= Newmark Ground Water Contamination =

The Newmark Groundwater Contamination Site is a Superfund site located at the base of the San Bernardino Mountains in Southern California. The contamination was discovered in 1980 and resulted in the closing of 20 water supply wells and intensive cleanup efforts in the following years. More than 25 percent of the San Bernardino municipal water supply has been affected by the water contamination since its discovery. The source of the contamination is attributed to a World War II Army landfill and depot, used from 1942 to 1947.

== History ==
The Superfund site was the location of the U.S. Army's Camp Ono from 1942 to 1947, used for housing Italian Prisoners of War and was later converted to a truck and munitions cleaning site. Several of the solvents used in the cleaning process were later discovered to be toxic.

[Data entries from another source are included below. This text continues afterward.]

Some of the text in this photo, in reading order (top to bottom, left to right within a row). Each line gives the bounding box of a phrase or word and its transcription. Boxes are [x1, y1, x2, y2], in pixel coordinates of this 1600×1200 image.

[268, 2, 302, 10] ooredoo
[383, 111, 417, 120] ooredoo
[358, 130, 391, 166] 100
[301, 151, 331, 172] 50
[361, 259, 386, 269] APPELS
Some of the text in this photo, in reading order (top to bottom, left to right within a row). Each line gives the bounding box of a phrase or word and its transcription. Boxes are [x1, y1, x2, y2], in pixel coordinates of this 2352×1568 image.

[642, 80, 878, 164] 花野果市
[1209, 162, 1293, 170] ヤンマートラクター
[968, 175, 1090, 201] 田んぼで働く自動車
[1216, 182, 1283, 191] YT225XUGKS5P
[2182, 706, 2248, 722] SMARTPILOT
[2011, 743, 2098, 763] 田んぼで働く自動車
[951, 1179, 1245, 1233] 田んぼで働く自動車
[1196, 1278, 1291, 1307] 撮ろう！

The Newmark Groundwater Contamination Site resides on part of a groundwater aquifer that supplies water to the cities of San Bernardino, Colton, Loma Linda, Fontana, Rialto, and Riverside. Many of the wells responsible for supplying water to these areas lay down gradient from the two contamination plumes that resulted from the pollution.

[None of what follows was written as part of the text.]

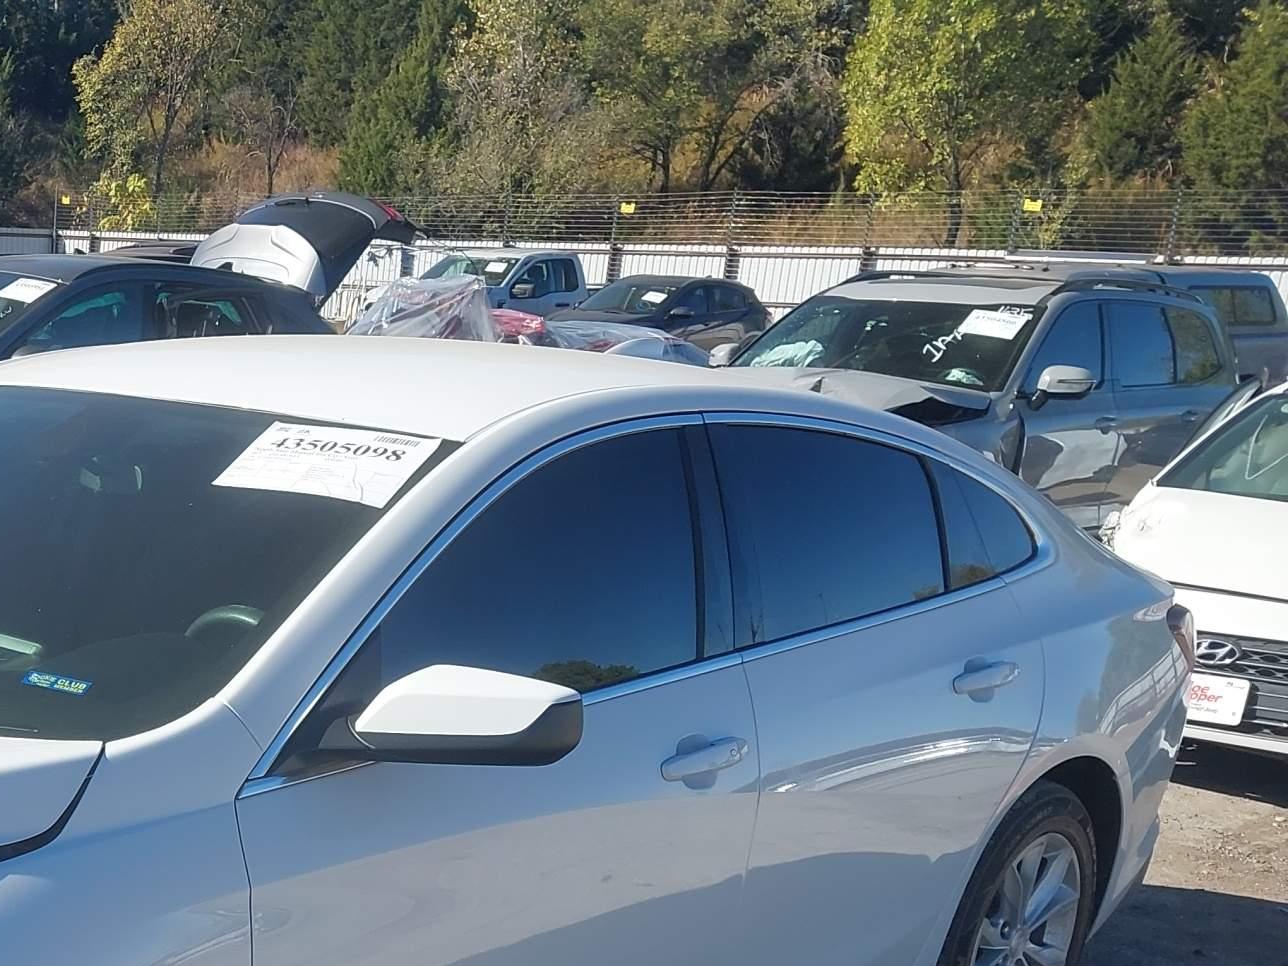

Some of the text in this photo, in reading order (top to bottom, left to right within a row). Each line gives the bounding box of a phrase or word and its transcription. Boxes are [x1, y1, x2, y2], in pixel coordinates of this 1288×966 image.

In 1980, two volatile organic compounds (VOCs), trichloroethylene (TCE) and tetrachloroethylene (PCE) were discovered at the Newmark well fields. Exposure to PCE and TCE is associated with adverse health effects such as Central Nervous System depression, neurological, lung, kidney, and heart effects, and increased cancer risk. The federal standards for TCE and PCE require that all drinking water must be below 5 parts per billion and levels discovered during the contamination were in the hundreds of parts per billion.

== Clean-up ==
In 1993, the EPA took actions to pump and treat millions of gallons of contaminated water to control the spread of pollution plumes into other parts of the aquifer. The water was treated using conventional carbon adsorption and is projected to take several more decades.

== Legal actions ==
In 1996, the city of San Bernardino sued the federal government for the Army's involvement in the contamination of the groundwater. After an eight-year legal battle, the Army settled for $69 million to be used for continued groundwater treatment and cleanup. The city is required to use these funds to maintain the EPA's groundwater treatment facilities and to expand the city's water treatment plants.